The life of the Blue Crab and advisories for local consumers

The blue crab, with the scientific name Callinectes (Greek for beautiful swimmer) and sapidus (Latin meaning tasty or savory) is a crustacean, which sheds its old, hard shell, expands, and grows a new one. This is known as molting. The width of the shell is usually approximately twice the length, and Blue claw crabs can get up to 9 inches in width. They are found from Cape Cod south.
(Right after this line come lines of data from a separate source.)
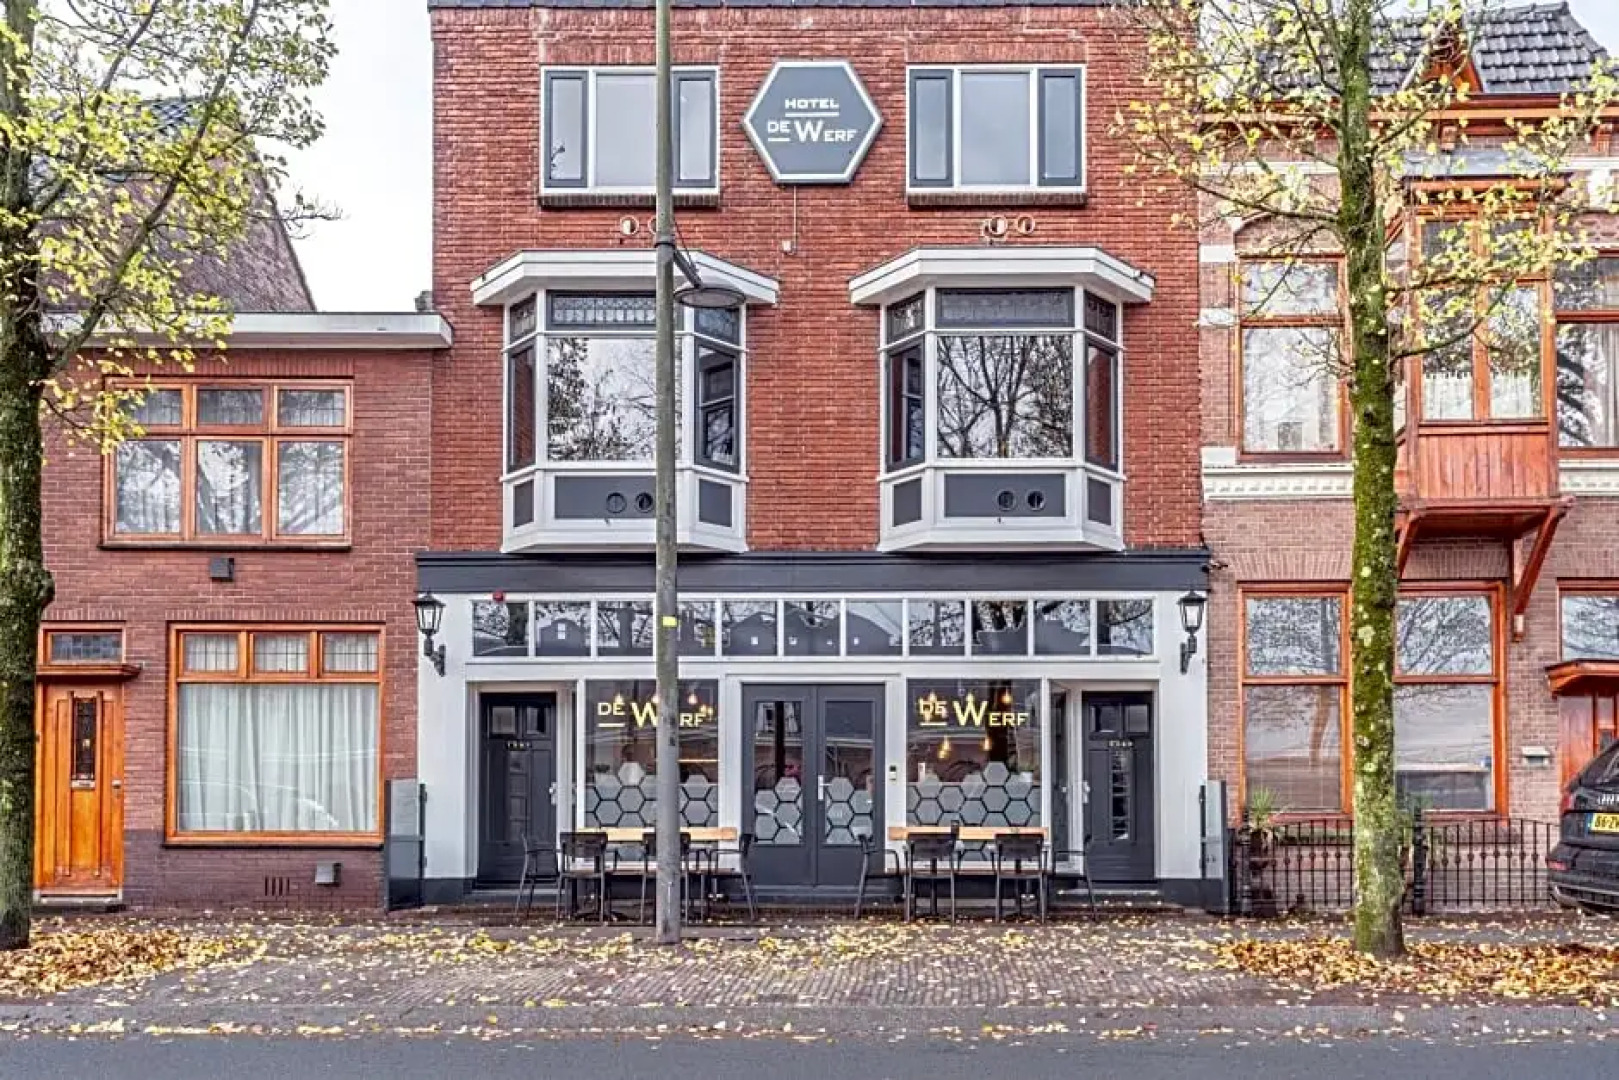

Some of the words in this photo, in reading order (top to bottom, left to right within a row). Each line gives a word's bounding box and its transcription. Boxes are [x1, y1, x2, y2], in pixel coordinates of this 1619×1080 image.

[784, 98, 839, 109] HOTEL
[767, 120, 790, 133] DE
[597, 702, 626, 716] DE
[630, 702, 705, 728] WRF
[919, 700, 947, 716] DE
A male crab has a long narrow, inverted "T" shaped abdomen and has blue claws and can grow to larger sizes than the female. A female crab can be easily identified by the shape of her abdomen. Sexual maturity can also be easily identified by the shape of her apron by noting that an immature female blue crab has an inverted "V" shaped apron while a mature female blue crab has an inverted "U" shaped apron. Another easy way to tell a male from a female crab is that all female crabs "paint their fingernails"; i.e., have bright red claw tips. Males do not.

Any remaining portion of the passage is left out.